El último día, a la tercera, acerté con el horario y pude ver el cadáver embalsamado de Ho Chi Minh. Lo más interesante son precisamente las formas: Primero, es curioso salir de bullicio de Hanoi y en un minuto encontrarte en un remanso de paz, con aceras anchas e incluso una parte de la acera donde no te dejan pisar. Segundo, es gratis, hacen formar de dos en dos, prohíben fotos y pantalones cortos y los guardias están solemnes. Tercero, En el caso de Ho, la excusa fue permitir que los (vietnam)sureños que no habían podido verlo tuvieran la Ocasión de sentirlo cerca, pero lo cierto es que el propio Ho ya no tuvo poder de decisión sobre ello. Ho Chi Minh y que Lenin y supongo Mao y los demás en la misma situación tuvieron que poner su cuerpo a disposición de las necesidades propagandísticas de la construcción del socialismo. En eso gana Franco, aunque todo lo que sufrió para poder morir tiene un poco justicia poética.
En Indonesia es interesante contrastar la propaganda sovietizando de los tiempos de Sukarno y la americanizante de Suharto, y en Hanoi han hecho un poco de las dos cosas, porque al salir del Mausoleo hay un museo, que me dejo sorprendido por lo bien y lo moderno que está hecho. Muy bien diseñado y todo, incluido un Guernika en lugar prominente, pero fui paseando rápido por el Mausoleo.
Cerca del mausoleo había gente jugando a un juego que es como el tenis con pelotillas esas con plumas, pero que la pelota se puede dar solo con los codos. También vendían camisetas y tal, pero es de los pocos sitios donde asaltan al turista. En el Museo Histórico Trang Quan Khai, el folleto que venden es en ruso con un poquillo al final en inglés.
Por último, fui a ver a un hispanista, Nguyen, en la calle Khay Trang Tien, al lado del lago de la tortuga. El embajador en Tailandia en 1992, Tomás Chavarri, padre de la famosa Marta, me había mandado su tarjeta, y le había escrito desde Tokio. Su dirección la perdí en Bangkok junto con la cámara, pero lo localicé yendo a la Agencia oficial de noticias y preguntando por el departamento de español. Allí conocí a un tío que había estado en Cuba cuatro años, le saludé y así me enteré de la casa de este profesor, adonde me acompañó incluso. Me dio pena, porque el pobre periodista puede que fuera una celebridad en Vietnam, pero él iba en bicicleta y yo en moto, vaya mundo capitalista. El profesor me estaba esperando y me trató fenomenal, presentándome a su familia y enseñándome las novelas que había traducido del español. Ahora quería traducir la de Cela, Mazorca para dos muertos, porque dice que la novela tiene una enseñanza para su país: ni nuestra guerra civil ni la suya contra Estados Unidos han valido para nada. Interesante, luego me dijo que ya no se enseña español.
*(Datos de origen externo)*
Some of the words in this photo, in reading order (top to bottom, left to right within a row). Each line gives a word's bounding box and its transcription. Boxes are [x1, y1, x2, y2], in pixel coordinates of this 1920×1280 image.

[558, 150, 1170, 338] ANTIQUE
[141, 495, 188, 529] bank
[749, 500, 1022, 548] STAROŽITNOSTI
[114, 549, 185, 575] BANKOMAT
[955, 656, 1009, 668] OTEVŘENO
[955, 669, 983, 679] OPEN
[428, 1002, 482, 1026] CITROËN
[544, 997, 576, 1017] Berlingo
Con la supresión de los lazos de hermandad con Cuba (más que supresión, empobrecimiento en el más amplio sentido de la palabra), al español le falta utilidad en la sociedad. De la confraternidad cultural no se ha pasado a la utilidad comercial. Hasta que se comprendan que no solo se habla inglés en el mundo pasarán algunos años y, como no se apresure España a cubrir el hueco de Cuba, el español declinará en picado. Por lo demás, era el típico profesor de universidad, un tanto loco. Estuvo en el Colegio de África viviendo seis meses el año pasado, allí conoció a mi sucesor, Basilio, a Victoria, Olegario, etc. Después me visitó en Madrid y le llevé al Instituto Complutense de Asia, muy agradable, pero el problema fue cuando le pedí que se pusiera el cinturón de seguridad. Nunca lo había hecho. Se me ha vuelto a perder su dirección. Me he quedado sin ver la Bahía de Haiphong; llevaba dos días hacerlo y pensé que no merecía con el tiempo que llevaba. Es muy bonito, pero es sólo paisaje y eso estará ahí siempre.
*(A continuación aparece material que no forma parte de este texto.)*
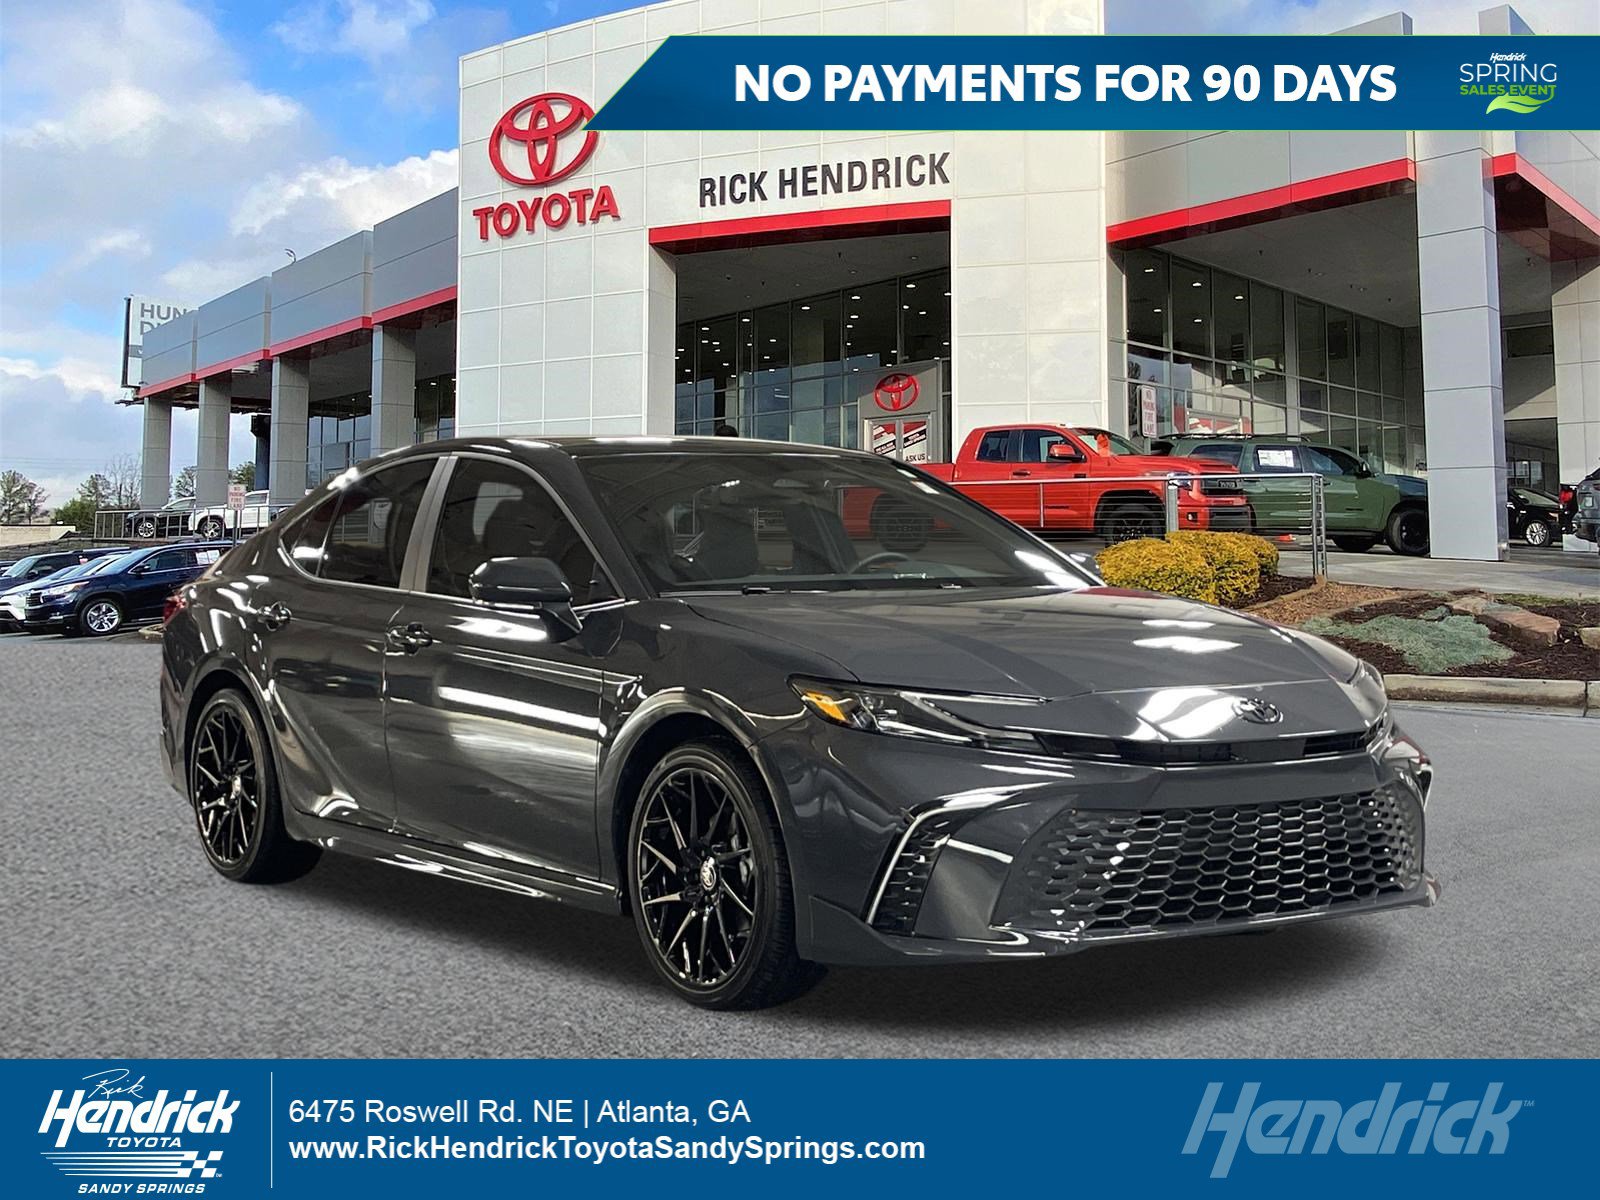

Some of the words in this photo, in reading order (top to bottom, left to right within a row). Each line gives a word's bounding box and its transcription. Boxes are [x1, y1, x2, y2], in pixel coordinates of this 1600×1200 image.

[699, 170, 768, 208] RICK
[778, 152, 951, 199] HENDRICK
[473, 185, 621, 241] TOYOTA
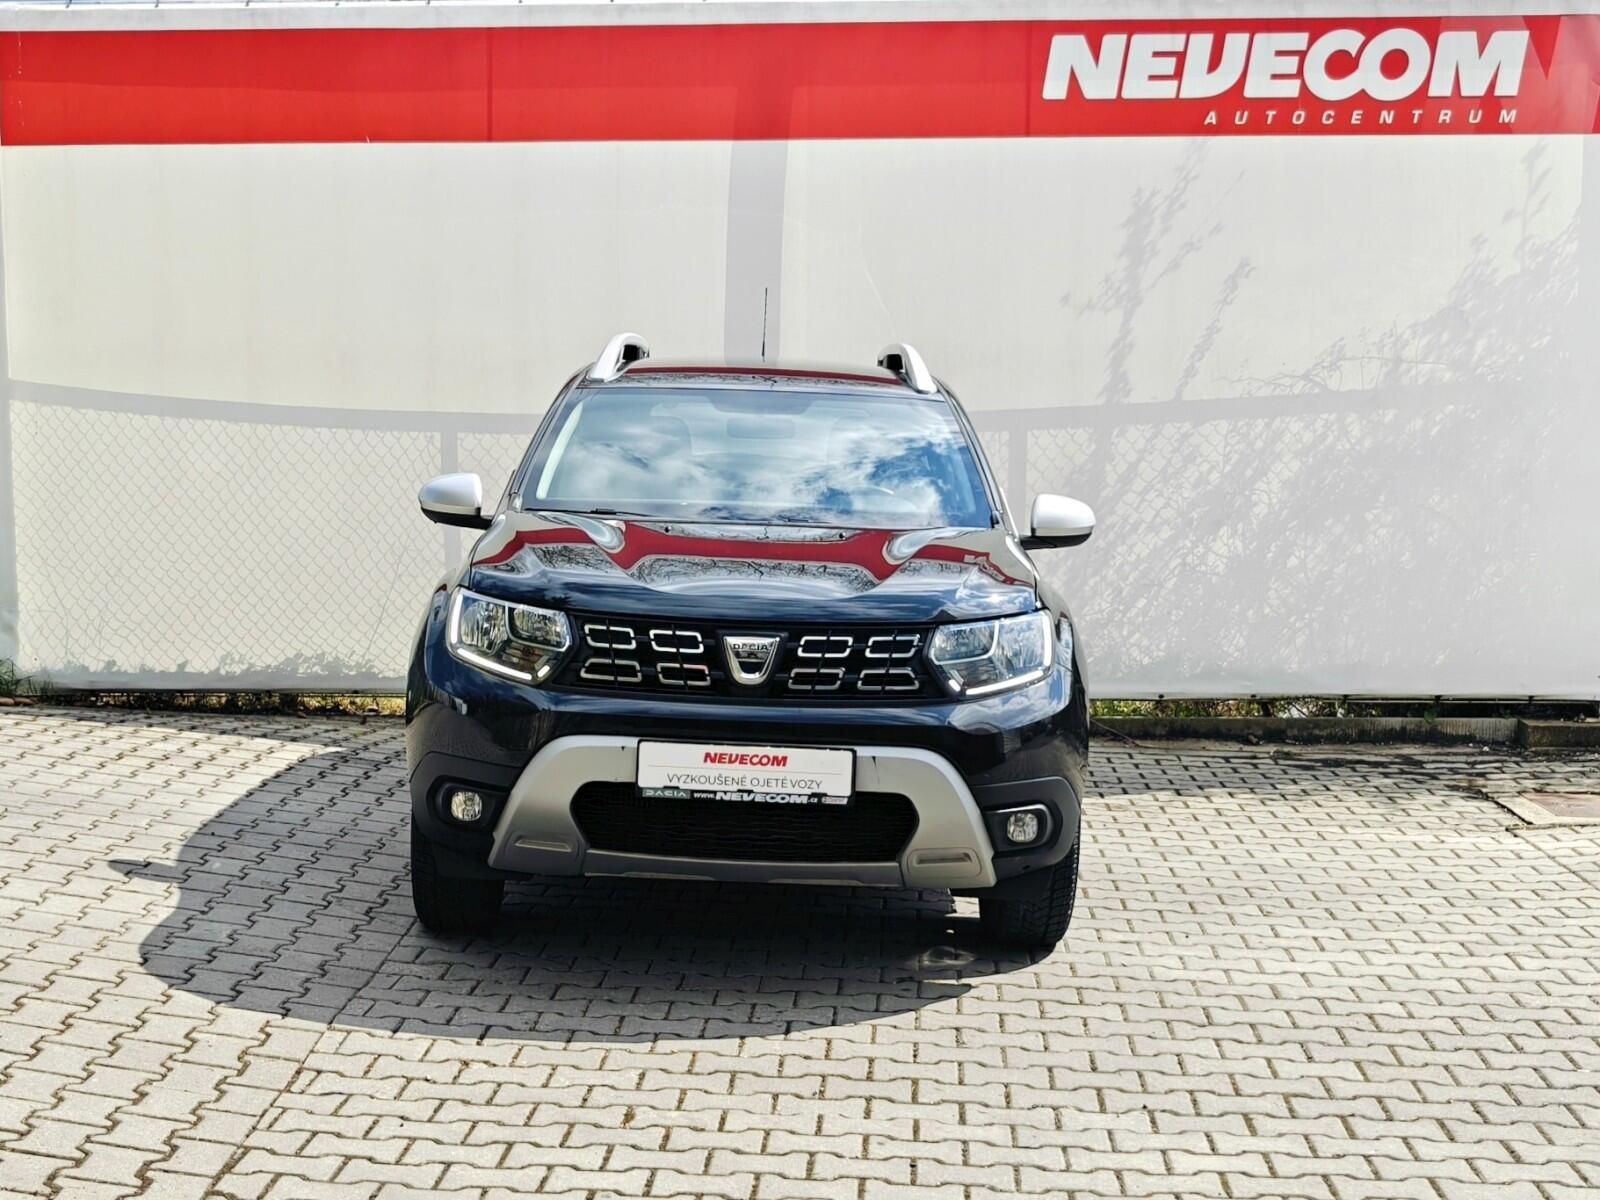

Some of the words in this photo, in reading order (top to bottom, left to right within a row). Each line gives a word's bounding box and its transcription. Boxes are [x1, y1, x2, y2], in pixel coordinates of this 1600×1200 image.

[1042, 28, 1530, 101] NEVECOM
[1203, 109, 1518, 126] AUTOCENTRUM
[732, 643, 769, 651] DACIA
[703, 752, 789, 767] NEVECOM
[666, 773, 747, 787] VYZKOUŠENÉ
[750, 776, 788, 788] OJETÉ
[789, 778, 823, 790] VOZY
[645, 789, 687, 798] DACIA
Ese mismo día salí de Hanoi y me enfrenté a los ferrocarriles vietnamitas. Lo que si he sentido es no ir a Dien Biem Phu, un pueblo casi en la frontera con Laos, en plana montaña, que es donde fue la gran derrota vietnamita al ejército francés en 1954, tras la cual se retiraron los gabachos y le dejaron el puesto a los Estados Unidos. Es una zona apenas visitada y todas son tribus de las montañas que apenas han visto un extranjero. Habría convenido verlo ahora, porque en cuatro días ya habrán organizado tours.
El trayecto Hanoi-Saigón que tomé, antes de la guerra se hacía en treinta y tantas horas, y ahora en cincuenta y tantas. Creo que la línea esta, como es la columna vertebral en la comunicación del país, fue el objetivo predilecto de los sabotajes. En el norte, de los bombarderos estadounidenses, y en el sur de los comandos norvietnamitas. O sea, que se hizo pesado viajar, pero vaya, mejor que el avión, porque al fin y al cabo se va conociendo el país. Los extranjeros y vietnamitas residentes fuera pagamos precio completo; dentro de eso, además, opté por ir en la butaca más cara porque así se puede dormir.
Fui en un compartimento con unos vietnamitas ya mayores muy sonrientes, pequeñitos y con los que pocas palabras pude hablar. Casi cruzamos más comida que palabras, aunque entendían algo de francés. Y así, pequeñitos, tan amables y como muy poca cosa yo me decía «mira, estos fueron los que ganaron a los chicarrones norteamericanos, tan fornidos y tan superiores ellos.» A la chita callando lo consiguieron, sin ir de chulos por la vida. Es admirable y es que los mismos tailandeses lo dicen; una tenacidad tan arraigada sólo la tienen los vietnamitas, nadie más. Si antes ganaron militarmente a unos, ahora pueden ganar económicamente a otros si se lo proponen. Si antes supongo que eran anti-norteamericanos ahora son pro-peseteros.
En Washington, fui a una tienda de arreglos de ropa de unos vietnamitas. Me compré una cazadora nueva muy barata (de 250 a 79 dólares) porque tenía mal un botón y fui a que me lo pusieran. Al ir a recogerla, pregunté si sabían dónde podría yo vender mi cazadora vieja, con el cuello de lana. La señora me propuso cambiármela por un traje y me probé unos de segunda o primera mano que por alguna razón el dueño no había querido. Me estaban grandes y no eran excesivamente de última moda, pero menos da una piedra y al acabar le digo a la señora que estoy de acuerdo. Pero fue entonces cuando me dijo que eran de muy buena calidad (si, el tejido era bueno), y que le tenía que pagar algo. «Bueno, cuánto.» Y me pedía 79 dólares, unas 10.000 pelas. Al final acabé regalando la cazadora a un hindú periodista, vecino en mi residencia.
Volviendo al trayecto hacia Saigón, al despertar por la mañana la pareja de ingleses me hicieron notar que había hablado de nuevo mientras dormía: «¿has dormido profundamente, ehh?». Ya estoy acostumbrado a que la gente se asombre, aunque no lo debo de hacer siempre.